Within this issue, you’ll also find one paper on distal cholangiocarcinoma and one on ampullary cancer. A multicenter study from Germany (Bolm et al) evaluated the prognostic relevance of preoperative Ca19-9/bilirubin ratio in patients with distal cholangiocarcinoma. The authors report that a higher ratio was associated with older age and lymph node positive disease. An elevated ratio was a negative prognostic factor in their analysis. This finding is potentially interesting as it may help with preoperative counseling, decision-making about order of therapy, and in postoperative surveillance. Zhao et al from China report on radiation therapy in patients with resected ampullary cancer, from the SEER database, finding that patients receiving adjuvant radiation therapy did not have improved overall or disease-specific survival, and in patients over 70, survival was actually worse.

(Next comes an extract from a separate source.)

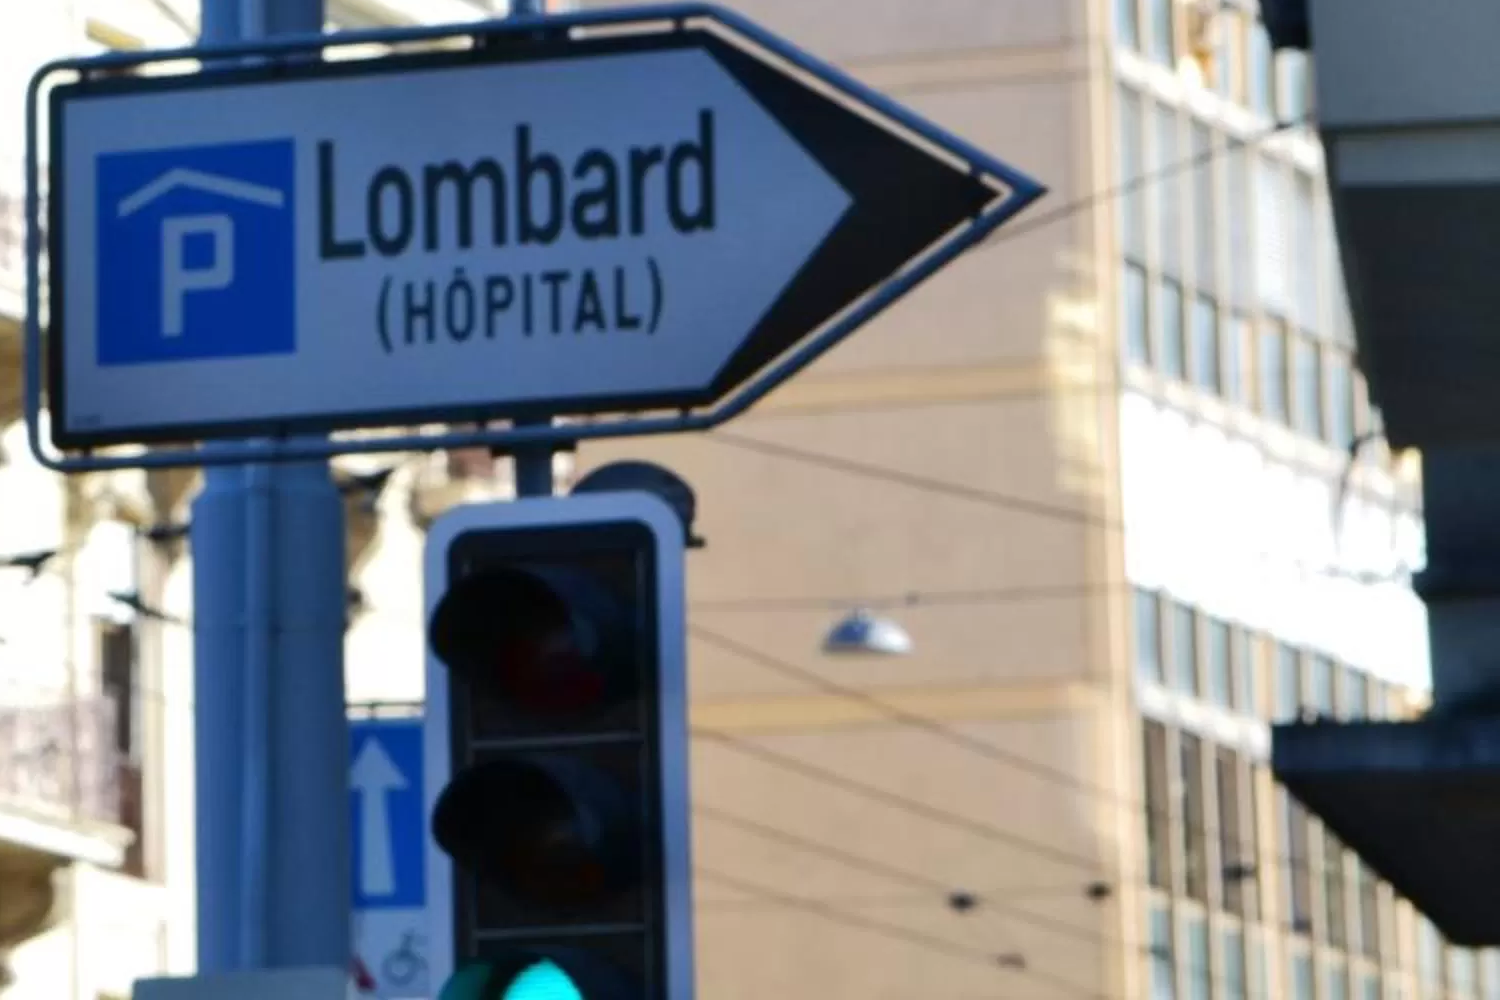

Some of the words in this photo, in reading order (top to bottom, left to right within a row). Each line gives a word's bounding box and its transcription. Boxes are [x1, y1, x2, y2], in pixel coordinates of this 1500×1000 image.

This month’s issue of the journal includes a wealth of information on gallbladder disease! First, De la Serna at al from Spain report on a single center study of the safety and feasibility of cholecystectomy in octagenarians. In their study group, there was a 10% conversion to open, 14% major complication rate, and 4% mortality. Survival was decreased in older patients, those with cardiac history or high ASA class, as well as in those with acute cholecystitis, urgent surgery, and an open/converted approach. The authors conclude that given high mortality for cholecystitis in this age group, surgeons should consider percutaneous cholecystostomy instead for these cases. The other three manuscripts on gallbladder disease relate to management of malignancy in three different, but all interesting approaches. Manterola et al (Chile, Ecuador, Spain) completed a systematic review of the effectiveness of adjuvant therapy for patients with gallbladder cancer. Some, fairly weak, benefit was found for adjuvant therapy for patients with positive lymph nodes, positive margins, or advanced stage. This paper includes nearly 10,000 patients, but the level of evidence is insufficient to make strong recommendations, highlighting the need for high level research into the benefits of adjuvant therapy for this group, as there is no standard currently. Next, a large retrospective study from MSKCC (Creasy et al) reports that complete resection has increased over time with changes in management including decreased likelihood of bile duct resection or major hepatectomy, but increased use of neo- and adjuvant chemotherapy. In this context, there has been no change in either survival or recurrence over time, and no association in this group between survival and adjuvant chemotherapy use. Lastly, Leigh et al (USA) compared outcomes based on the new AHPBA and AJCC guidelines for lymph node harvest in patients with gallbladder cancer. Importantly, in this study, lymph node harvest failed to meet the new guidelines in 80% of cases. The authors conclude that the surgical and pathology approaches need to be standardized, and that other lymph node basins may need to be included to increase lymph node yield.
This month’s issue of HPB provides insight into guidelines, prognostication, complications, operative approaches, and high value care. I hope you enjoy it!